◆ Try it: Carry over every entry exactly as written, though not the pictures it contains.

◇ ◇ ◇ ◇ ◇ ◇ ◇

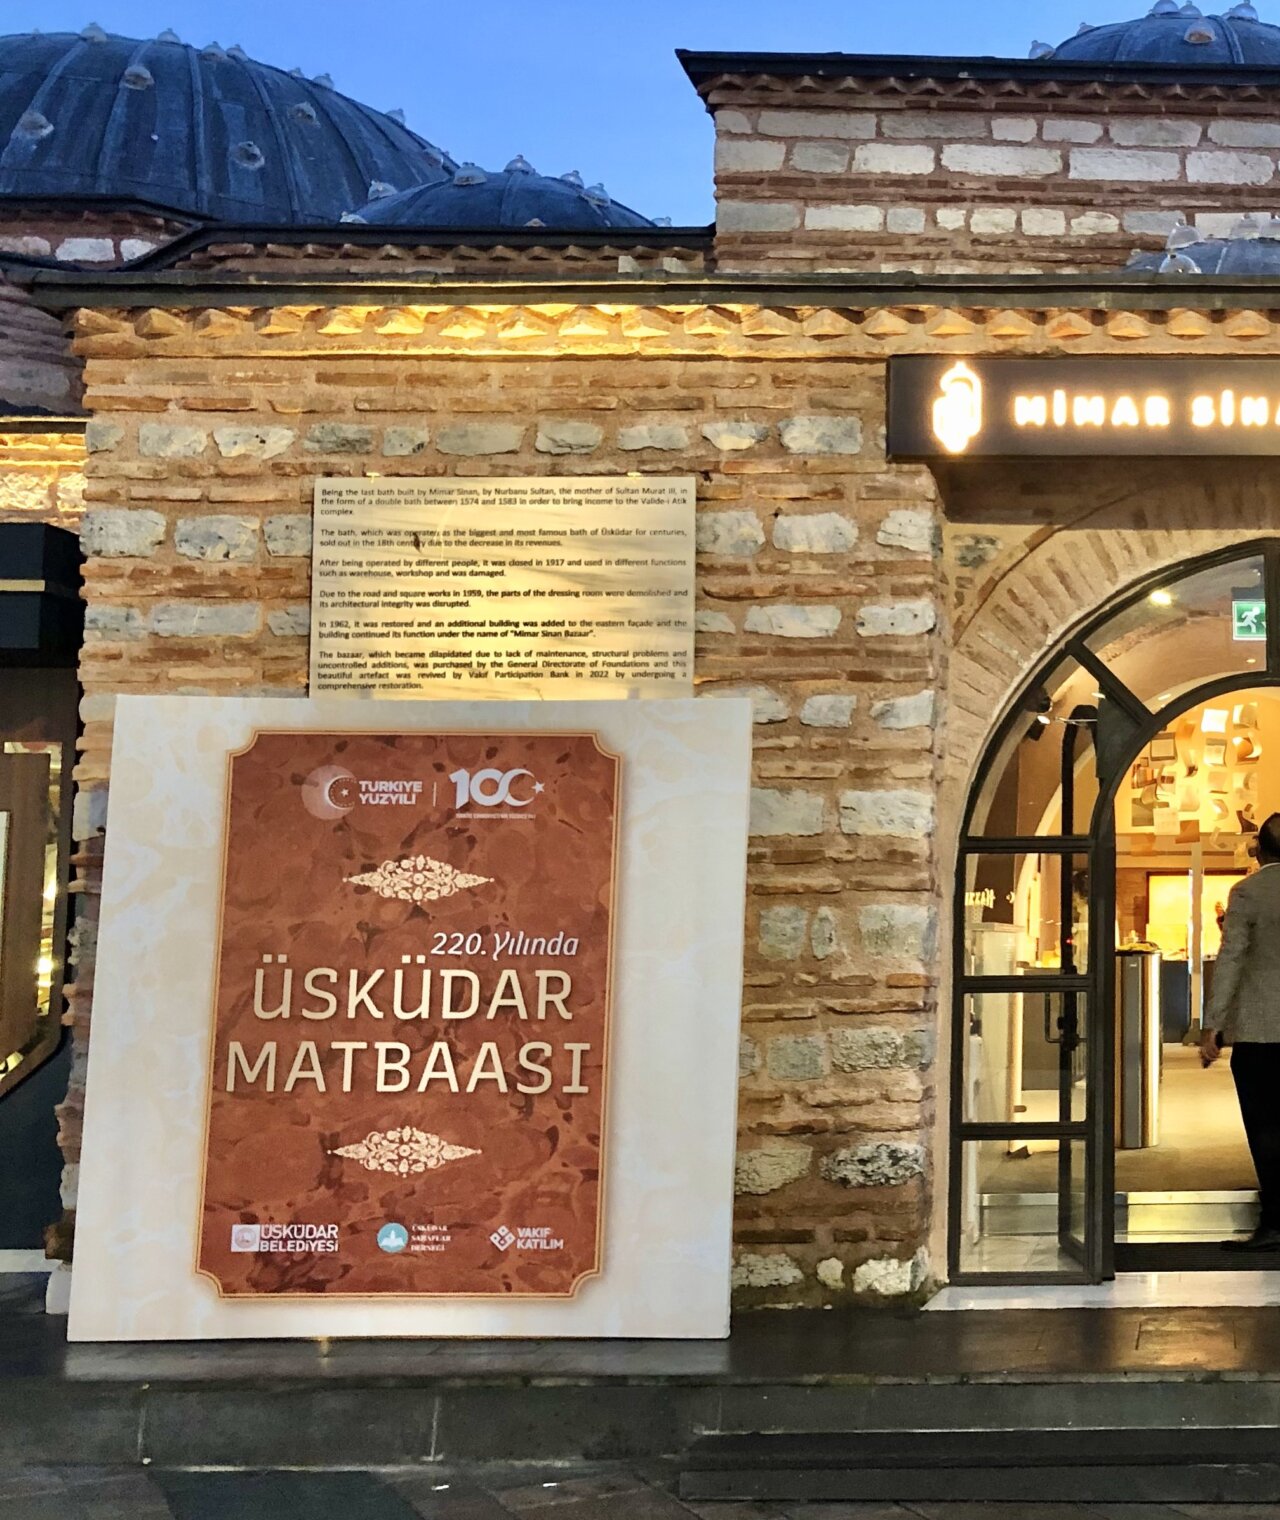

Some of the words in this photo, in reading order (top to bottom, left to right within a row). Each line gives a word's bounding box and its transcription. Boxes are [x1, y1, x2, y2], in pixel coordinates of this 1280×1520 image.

[1014, 389, 1170, 427] MİMAR
[468, 570, 507, 578] damaged.
[489, 620, 520, 628] building
[318, 631, 350, 639] building
[632, 650, 669, 658] problems
[477, 661, 486, 669] by
[431, 932, 487, 957] 220.
[492, 931, 580, 961] Yılında
[252, 954, 574, 1020] ÜSKÜDAR
[225, 1041, 592, 1094] MATBAASI
[517, 1227, 551, 1238] VAKIF
[517, 1239, 564, 1249] KATILIM
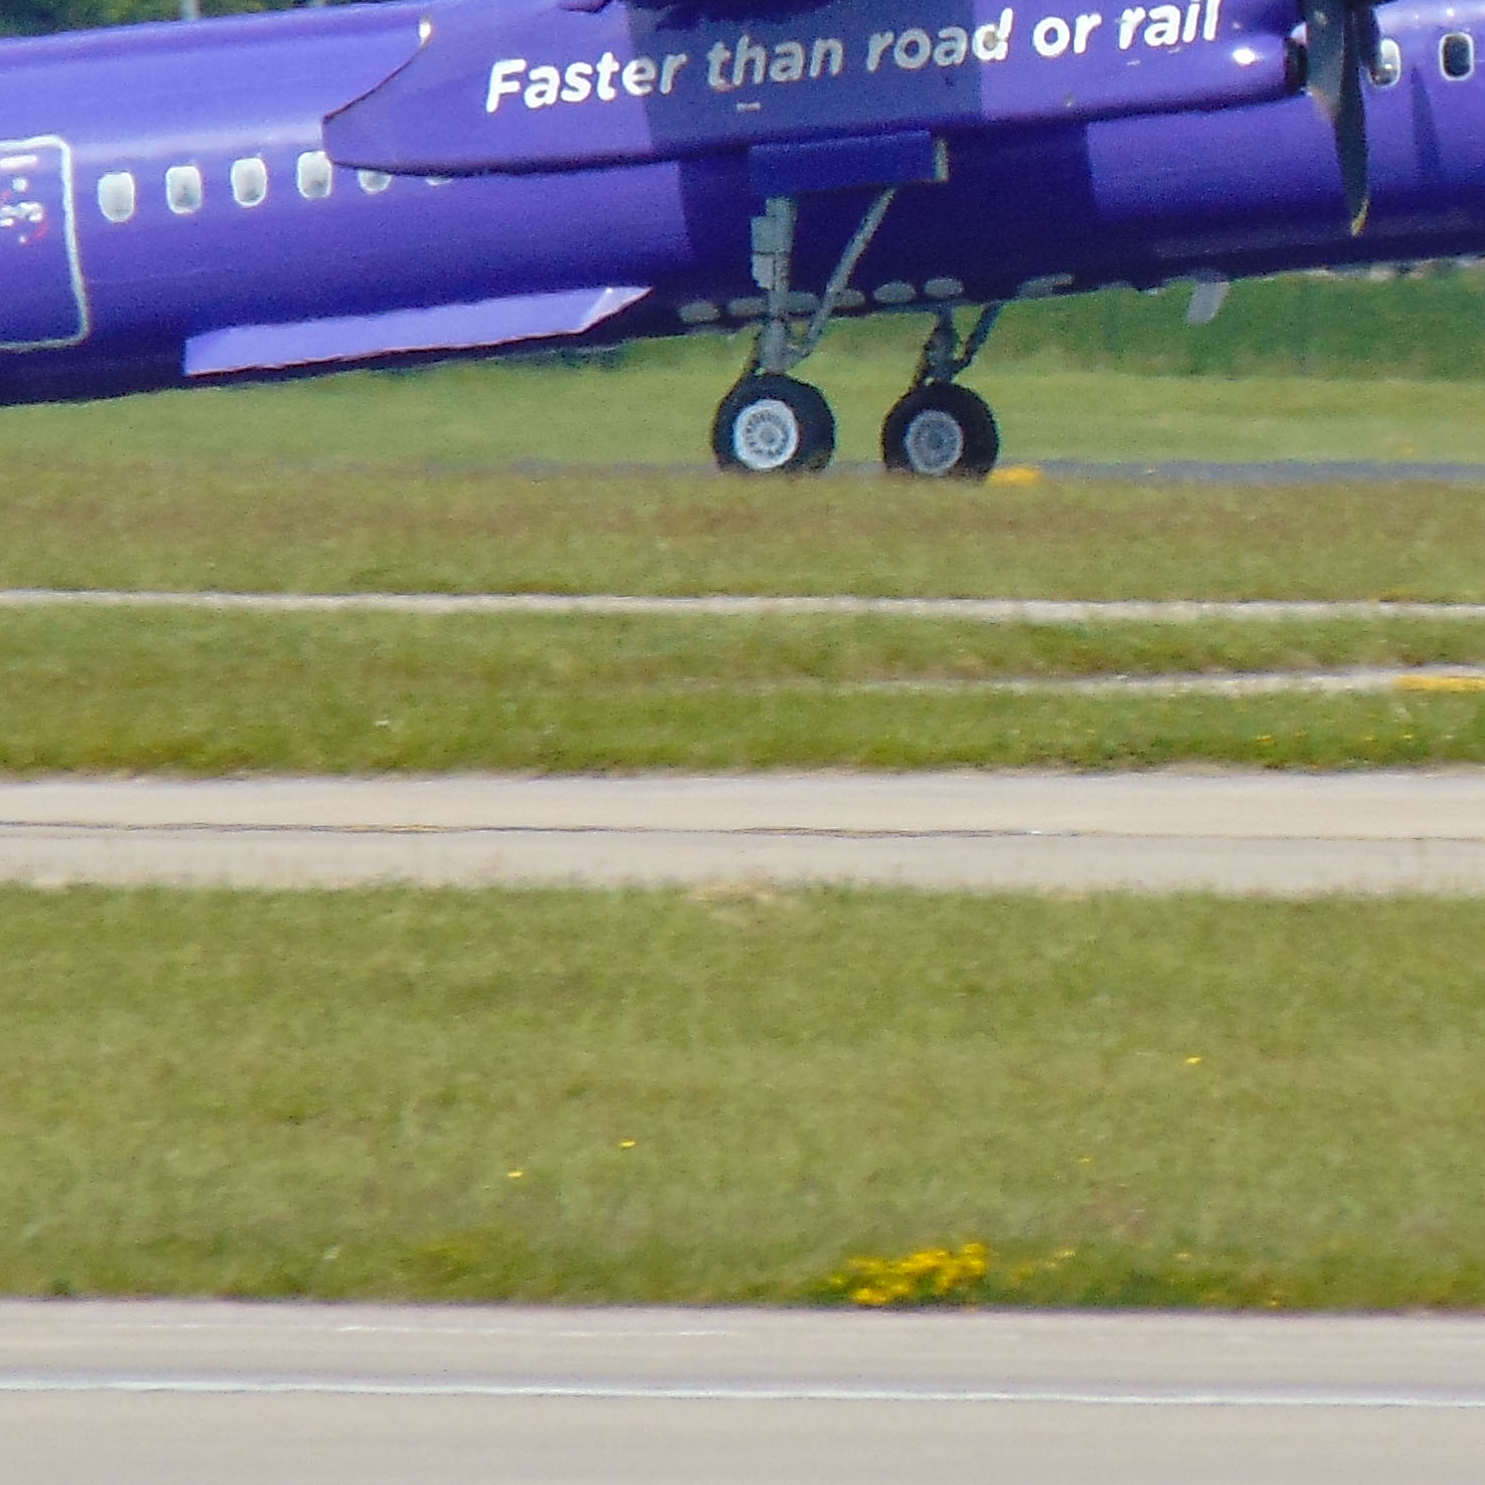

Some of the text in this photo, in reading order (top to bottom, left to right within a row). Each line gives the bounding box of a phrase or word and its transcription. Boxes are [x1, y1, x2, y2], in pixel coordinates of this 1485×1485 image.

◇ ◇ ◇ ◇ ◇ ◇ ◇

◆ Solution to this exercise:
Some of the words in this photo, in reading order (top to bottom, left to right within a row). Each line gives a word's bounding box and its transcription. Boxes are [x1, y1, x2, y2], in pixel coordinates of this 1280×1520 image.

[1014, 389, 1170, 427] MİMAR
[468, 570, 507, 578] damaged.
[489, 620, 520, 628] building
[318, 631, 350, 639] building
[632, 650, 669, 658] problems
[477, 661, 486, 669] by
[431, 932, 487, 957] 220.
[492, 931, 580, 961] Yılında
[252, 954, 574, 1020] ÜSKÜDAR
[225, 1041, 592, 1094] MATBAASI
[517, 1227, 551, 1238] VAKIF
[517, 1239, 564, 1249] KATILIM

Some of the text in this photo, in reading order (top to bottom, left to right within a row). Each line gives the bounding box of a phrase or word and its transcription. Boxes are [x1, y1, x2, y2], in pixel coordinates of this 1485×1485 image.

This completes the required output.